__Work item__: Your output should be the listing itself, repeated exactly.
= = =
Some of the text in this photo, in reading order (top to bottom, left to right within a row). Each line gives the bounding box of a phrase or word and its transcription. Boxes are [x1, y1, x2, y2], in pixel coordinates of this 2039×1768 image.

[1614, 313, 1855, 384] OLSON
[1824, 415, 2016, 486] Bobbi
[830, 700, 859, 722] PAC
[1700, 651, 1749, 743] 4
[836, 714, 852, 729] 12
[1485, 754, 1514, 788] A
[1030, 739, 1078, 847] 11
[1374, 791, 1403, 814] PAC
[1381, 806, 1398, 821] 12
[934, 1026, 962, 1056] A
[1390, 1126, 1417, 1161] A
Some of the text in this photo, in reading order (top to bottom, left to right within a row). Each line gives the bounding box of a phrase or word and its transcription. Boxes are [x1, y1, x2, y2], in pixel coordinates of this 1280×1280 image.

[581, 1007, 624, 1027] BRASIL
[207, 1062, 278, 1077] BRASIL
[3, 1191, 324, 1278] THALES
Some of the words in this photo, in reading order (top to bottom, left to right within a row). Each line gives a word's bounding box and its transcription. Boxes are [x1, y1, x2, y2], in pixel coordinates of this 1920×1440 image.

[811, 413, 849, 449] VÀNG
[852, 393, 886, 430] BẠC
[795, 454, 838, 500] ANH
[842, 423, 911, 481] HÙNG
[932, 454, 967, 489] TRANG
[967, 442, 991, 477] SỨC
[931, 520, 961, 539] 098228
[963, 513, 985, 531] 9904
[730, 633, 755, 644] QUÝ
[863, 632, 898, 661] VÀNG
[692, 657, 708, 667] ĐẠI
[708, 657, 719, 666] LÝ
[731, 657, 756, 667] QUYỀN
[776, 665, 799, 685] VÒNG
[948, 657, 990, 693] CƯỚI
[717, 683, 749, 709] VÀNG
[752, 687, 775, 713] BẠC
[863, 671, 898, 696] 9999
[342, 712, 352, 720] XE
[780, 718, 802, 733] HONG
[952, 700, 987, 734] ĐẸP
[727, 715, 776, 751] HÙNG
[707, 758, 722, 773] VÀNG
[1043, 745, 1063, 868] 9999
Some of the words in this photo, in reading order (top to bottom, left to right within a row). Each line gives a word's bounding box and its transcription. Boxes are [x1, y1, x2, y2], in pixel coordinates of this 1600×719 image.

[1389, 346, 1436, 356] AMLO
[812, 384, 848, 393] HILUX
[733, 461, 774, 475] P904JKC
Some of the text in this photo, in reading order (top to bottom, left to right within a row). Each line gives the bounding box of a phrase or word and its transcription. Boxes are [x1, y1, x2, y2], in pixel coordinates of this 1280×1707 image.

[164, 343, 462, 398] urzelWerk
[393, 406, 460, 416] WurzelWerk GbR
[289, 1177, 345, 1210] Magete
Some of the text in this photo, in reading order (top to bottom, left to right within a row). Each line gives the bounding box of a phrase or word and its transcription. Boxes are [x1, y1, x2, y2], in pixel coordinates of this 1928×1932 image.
= = =
__Answer box__:
Some of the text in this photo, in reading order (top to bottom, left to right within a row). Each line gives the bounding box of a phrase or word and its transcription. Boxes are [x1, y1, x2, y2], in pixel coordinates of this 2039×1768 image.

[1614, 313, 1855, 384] OLSON
[1824, 415, 2016, 486] Bobbi
[830, 700, 859, 722] PAC
[1700, 651, 1749, 743] 4
[836, 714, 852, 729] 12
[1485, 754, 1514, 788] A
[1030, 739, 1078, 847] 11
[1374, 791, 1403, 814] PAC
[1381, 806, 1398, 821] 12
[934, 1026, 962, 1056] A
[1390, 1126, 1417, 1161] A
Some of the text in this photo, in reading order (top to bottom, left to right within a row). Each line gives the bounding box of a phrase or word and its transcription. Boxes are [x1, y1, x2, y2], in pixel coordinates of this 1280×1280 image.

[581, 1007, 624, 1027] BRASIL
[207, 1062, 278, 1077] BRASIL
[3, 1191, 324, 1278] THALES
Some of the words in this photo, in reading order (top to bottom, left to right within a row). Each line gives a word's bounding box and its transcription. Boxes are [x1, y1, x2, y2], in pixel coordinates of this 1920×1440 image.

[811, 413, 849, 449] VÀNG
[852, 393, 886, 430] BẠC
[795, 454, 838, 500] ANH
[842, 423, 911, 481] HÙNG
[932, 454, 967, 489] TRANG
[967, 442, 991, 477] SỨC
[931, 520, 961, 539] 098228
[963, 513, 985, 531] 9904
[730, 633, 755, 644] QUÝ
[863, 632, 898, 661] VÀNG
[692, 657, 708, 667] ĐẠI
[708, 657, 719, 666] LÝ
[731, 657, 756, 667] QUYỀN
[776, 665, 799, 685] VÒNG
[948, 657, 990, 693] CƯỚI
[717, 683, 749, 709] VÀNG
[752, 687, 775, 713] BẠC
[863, 671, 898, 696] 9999
[342, 712, 352, 720] XE
[780, 718, 802, 733] HONG
[952, 700, 987, 734] ĐẸP
[727, 715, 776, 751] HÙNG
[707, 758, 722, 773] VÀNG
[1043, 745, 1063, 868] 9999
Some of the words in this photo, in reading order (top to bottom, left to right within a row). Each line gives a word's bounding box and its transcription. Boxes are [x1, y1, x2, y2], in pixel coordinates of this 1600×719 image.

[1389, 346, 1436, 356] AMLO
[812, 384, 848, 393] HILUX
[733, 461, 774, 475] P904JKC
Some of the text in this photo, in reading order (top to bottom, left to right within a row). Each line gives the bounding box of a phrase or word and its transcription. Boxes are [x1, y1, x2, y2], in pixel coordinates of this 1280×1707 image.

[164, 343, 462, 398] urzelWerk
[393, 406, 460, 416] WurzelWerk GbR
[289, 1177, 345, 1210] Magete
Some of the text in this photo, in reading order (top to bottom, left to right within a row). Each line gives the bounding box of a phrase or word and its transcription. Boxes are [x1, y1, x2, y2], in pixel coordinates of this 1928×1932 image.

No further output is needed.